Увы, многое предрекаемое не свершилось. Независимый нрав, расхождение его оценок прошлого и настоящего страны с государственной идеологией быстро насторожили тогдашних ответственных руководителей, установивших негласный запрет на публикации и выступления молодого поэта. Да и медные трубы, видимо, протрубили слишком рано, не дав окрепнуть и возмужать деревенскому парню. Многие его стихи и поэмы, созданные в 70-х и 80-х, ложатся в стол, редкие появляются на страницах местных газет и журналов, вокруг творчества сибиряка создаётся удушливая среда умолчания. Наступившая перестройка мало что изменила в судьбе поэта, ибо по сути своей Михаил Шляев был и оставался человеком советским, с обострённой жаждой справедливости, чуждый страсти накопительства, абсолютно не вписывающийся в новую систему жизнеустройства. «Я не добытчик, я поэт», грустно улыбнулся Михаил в одном из последних своих стихотворений, однако установленному для себя кредо «не оскорби в себе человека» не изменил до конца своих дней.
В последние годы жизни Михаил Шляев руководил литературным объединением «Молодость», воспитав плеяду ныне активно работающих стихотворцев. Умер в 1998 году.
«Братка» любимое обращение Михаила Алексеевича к друзьям, ученикам, коллегам. Братка, помним!

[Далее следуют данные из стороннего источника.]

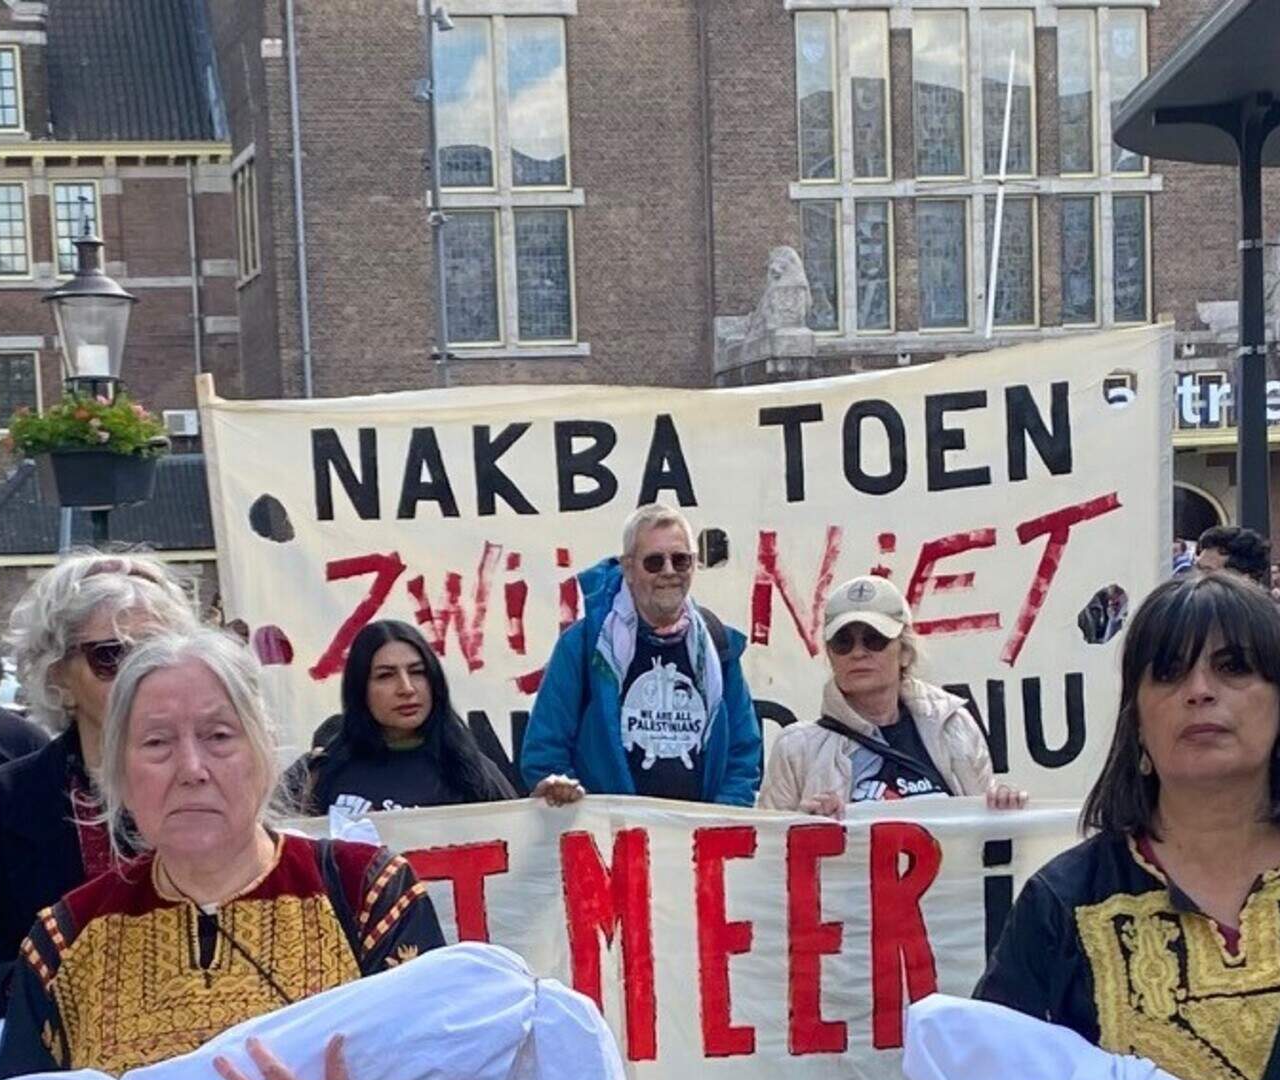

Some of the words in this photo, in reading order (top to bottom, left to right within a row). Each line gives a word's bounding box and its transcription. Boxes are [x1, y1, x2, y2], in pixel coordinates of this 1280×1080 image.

Руководитель литературного объединения «Молодость»Евгений Мартышев
Родине
Напрасно ль ты меня растила, В беде добра, в нужде светла? Ты, доброглазая Россия, Всегда мне матерью была. Ты всё дала мне: стать и силу, Бескрайний океан степной, Берёз тугую парусину, Что вспыхивает надо мной, И лебедей озёрных стаи, И луг в сверкании росы, Где сердце млеет, расцветая Цветком невиданной красы. Да будь светла, нежна, как прежде, Дай вдохновенья про запас, Чтоб пламень света и надежды В душе сыновней не угас, Чтоб на заре, туманным утром, Свой путь упорный превозмог Среди собратьев златокудрых И мой лазоревый цветок.Незабытая песня
Владимиру Рещикову
В гармонь наяривал парнишка, Встречая с фронта поезда. Все мы Володька, Санька, Мишка Тянулись к раненым тогда. И что ни дверь, проём оконный Везде бинты, бинты, бинты Играл пацан неугомонный, Приладив на картуз цветы. Рванув гармонь, слова «Катюши« Не пел, поди, стенал скорей. И разрывались бабьи души: Не мой ли тот, что у дверей? Мы все хотели встретить вживе Своих отцов под грохот бед, Неся свой крест на общей ниве Ещё неведомых побед. Мне стынью помнится война: Свод неба льдисто-синий, Сугробов белая стена, На стенах в доме иней. А стуже будто нет конца, Насквозь продрогло небо. И нет на матери лица: В избе ни крошки хлеба. Мне душу студит с детских дней Гурьба сосулек с крыши, Что зябко виснут по весне, Как ноги ребятишек.